• **What to produce**
Your task is to restate word for word the line containing "this 1344×1512 image." and each line that follows it in the listing, and only those.

• **Input data**
----

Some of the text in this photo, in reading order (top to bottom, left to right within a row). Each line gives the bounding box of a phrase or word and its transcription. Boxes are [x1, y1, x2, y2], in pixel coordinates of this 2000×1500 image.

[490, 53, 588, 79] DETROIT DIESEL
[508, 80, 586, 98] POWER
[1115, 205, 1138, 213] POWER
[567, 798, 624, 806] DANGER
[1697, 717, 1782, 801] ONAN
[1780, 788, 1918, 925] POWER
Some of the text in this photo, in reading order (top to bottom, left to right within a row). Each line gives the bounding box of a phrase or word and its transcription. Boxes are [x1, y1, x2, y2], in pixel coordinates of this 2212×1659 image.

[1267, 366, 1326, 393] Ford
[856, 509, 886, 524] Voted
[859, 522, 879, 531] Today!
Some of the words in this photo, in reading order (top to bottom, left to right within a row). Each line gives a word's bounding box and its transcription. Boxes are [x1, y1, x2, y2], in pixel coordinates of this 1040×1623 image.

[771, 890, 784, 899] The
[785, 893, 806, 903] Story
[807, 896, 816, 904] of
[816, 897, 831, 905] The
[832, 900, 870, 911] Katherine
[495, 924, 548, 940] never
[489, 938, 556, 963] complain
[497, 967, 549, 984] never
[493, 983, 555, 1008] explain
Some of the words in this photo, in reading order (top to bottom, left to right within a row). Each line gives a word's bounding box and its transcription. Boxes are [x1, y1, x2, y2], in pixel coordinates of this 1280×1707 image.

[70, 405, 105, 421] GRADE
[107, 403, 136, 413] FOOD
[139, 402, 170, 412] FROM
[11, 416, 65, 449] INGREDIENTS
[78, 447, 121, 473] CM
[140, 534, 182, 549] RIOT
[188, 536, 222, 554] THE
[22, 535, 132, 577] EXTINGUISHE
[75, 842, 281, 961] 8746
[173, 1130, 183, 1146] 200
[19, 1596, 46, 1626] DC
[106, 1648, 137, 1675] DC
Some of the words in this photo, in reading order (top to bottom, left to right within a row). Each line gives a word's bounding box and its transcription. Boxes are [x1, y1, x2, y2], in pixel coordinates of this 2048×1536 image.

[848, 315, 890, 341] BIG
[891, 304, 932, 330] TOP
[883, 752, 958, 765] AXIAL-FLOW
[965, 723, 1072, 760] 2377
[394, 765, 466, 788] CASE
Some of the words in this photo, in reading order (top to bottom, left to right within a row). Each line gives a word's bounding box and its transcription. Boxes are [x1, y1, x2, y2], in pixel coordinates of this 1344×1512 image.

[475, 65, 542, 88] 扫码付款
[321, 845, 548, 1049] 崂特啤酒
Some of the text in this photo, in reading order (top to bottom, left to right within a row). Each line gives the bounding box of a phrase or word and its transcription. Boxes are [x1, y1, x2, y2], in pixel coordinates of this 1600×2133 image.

----

• **Written response**
Some of the words in this photo, in reading order (top to bottom, left to right within a row). Each line gives a word's bounding box and its transcription. Boxes are [x1, y1, x2, y2], in pixel coordinates of this 1344×1512 image.

[475, 65, 542, 88] 扫码付款
[321, 845, 548, 1049] 崂特啤酒
Some of the text in this photo, in reading order (top to bottom, left to right within a row). Each line gives the bounding box of a phrase or word and its transcription. Boxes are [x1, y1, x2, y2], in pixel coordinates of this 1600×2133 image.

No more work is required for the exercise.